← Week 9: LLM Serving Systems

Day 61: LLM Quantization — GPTQ, AWQ, GGUF

Phase IV · Week 9 · Day 61 of 70 · 2.5 hours

"The difference between a 140 GB model that needs a cluster and a 4 GB model that runs on a laptop is quantization. Same knowledge, different precision."

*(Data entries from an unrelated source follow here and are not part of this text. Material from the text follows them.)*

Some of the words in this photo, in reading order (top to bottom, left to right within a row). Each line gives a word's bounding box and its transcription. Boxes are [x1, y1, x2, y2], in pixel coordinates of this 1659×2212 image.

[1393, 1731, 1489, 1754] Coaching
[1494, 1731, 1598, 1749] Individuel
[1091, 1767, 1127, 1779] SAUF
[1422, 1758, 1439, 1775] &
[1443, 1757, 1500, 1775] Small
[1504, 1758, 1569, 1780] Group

← Previous Next → 📅 Week 🔷 Phase 📚 Curriculum
Day 60: Speculative Decoding Day 62: Serving Frameworks Comparison Week 9: LLM Serving Systems Phase IV: Inference & Deployment ML Compilers

Why This Matters

A 70B-parameter LLM in FP16 weighs ~140 GB — that's two A100-80GBs just for weights alone, before any KV cache. Quantizing to INT4 shrinks it to ~35 GB, fitting on a single GPU with room to spare. But LLMs aren't ordinary neural networks: they exhibit activation outliers — channels where values are 100× larger than average — that make naive quantization catastrophic. Specialized methods like GPTQ, AWQ, and GGUF solve this problem, each with different tradeoffs between accuracy, speed, and flexibility. Understanding these methods is essential because quantization is the single highest-impact deployment optimization: it simultaneously reduces memory, increases throughput, and lowers cost.

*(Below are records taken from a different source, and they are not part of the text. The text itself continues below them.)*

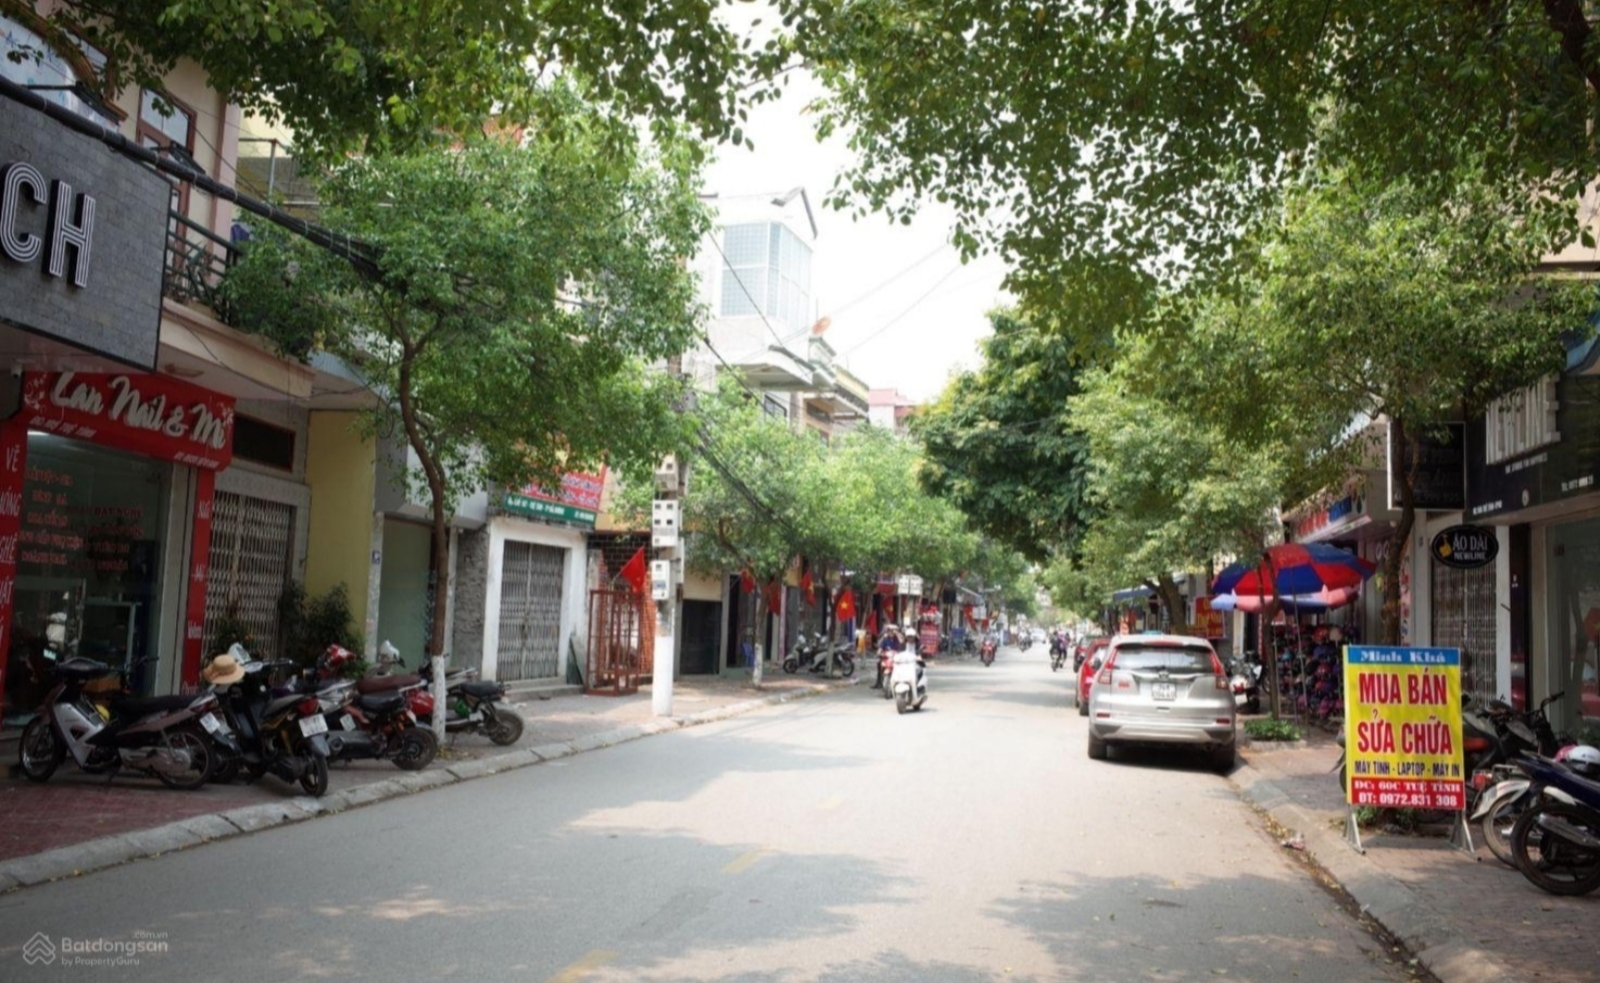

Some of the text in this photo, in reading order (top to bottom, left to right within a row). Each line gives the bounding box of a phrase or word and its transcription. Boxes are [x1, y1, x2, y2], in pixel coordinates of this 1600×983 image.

[52, 372, 104, 415] Lan
[108, 376, 166, 430] Nail
[164, 406, 189, 437] &
[188, 403, 228, 449] Mi
[1453, 532, 1488, 551] ÁO DÀI
[1360, 650, 1402, 662] Minh
[1359, 668, 1447, 705] MUA BÁN
[1357, 709, 1453, 755] SỬA CHỮA
[1398, 762, 1425, 775] LAPTOP
[1451, 763, 1460, 777] IN
[1379, 793, 1431, 806] 0972.831
[1436, 795, 1457, 807] 308

1. Why LLMs Break Naive Quantization

Standard per-tensor INT8 quantization works well for CNNs and small transformers. It fails for LLMs because of outlier channels discovered by Dettmers et al. (LLM.int8(), 2022):

Activation Outlier Problem in LLMs
═══════════════════════════════════════════════════════════════

  Normal activations (99.9% of channels):
  ┌─────────────────────────────────────────┐
  │ Values: [-0.5, 0.3, -0.1, 0.4, -0.2]   │  Range: ±1
  └─────────────────────────────────────────┘

  Outlier channels (0.1% of channels, but CRITICAL):
  ┌─────────────────────────────────────────┐
  │ Values: [-60.0, 80.0, -45.0, 120.0]     │  Range: ±120
  └─────────────────────────────────────────┘

  Naive per-tensor INT8 quantization:
  ┌─────────────────────────────────────────────────────────┐
  │  Scale = 120 / 127 ≈ 0.945                              │
  │                                                          │
  │  Normal:  0.3 / 0.945 = 0.32 → round to 0               │
  │  Normal: -0.5 / 0.945 = -0.53 → round to -1             │
  │  Outlier: 120.0 / 0.945 = 127 → maps correctly          │
  │                                                          │
  │  Problem: Normal values get quantized to {-1, 0, 1}!     │
  │  → 99.9% of activations lose almost all information      │
  └─────────────────────────────────────────────────────────┘

  Solution approaches:
  ┌────────────────┐  ┌──────────────┐  ┌─────────────────┐
  │  LLM.int8()    │  │    GPTQ      │  │      AWQ        │
  │  Mixed FP16/   │  │  Hessian-    │  │  Protect salient│
  │  INT8 by       │  │  guided      │  │  weights by     │
  │  channel       │  │  rounding    │  │  activation     │
  └────────────────┘  └──────────────┘  └─────────────────┘

The key insight: these outliers carry disproportionate information. Removing 6 outlier dimensions from a 5120-dim hidden state (0.12%) can drop accuracy by 20+ perplexity points.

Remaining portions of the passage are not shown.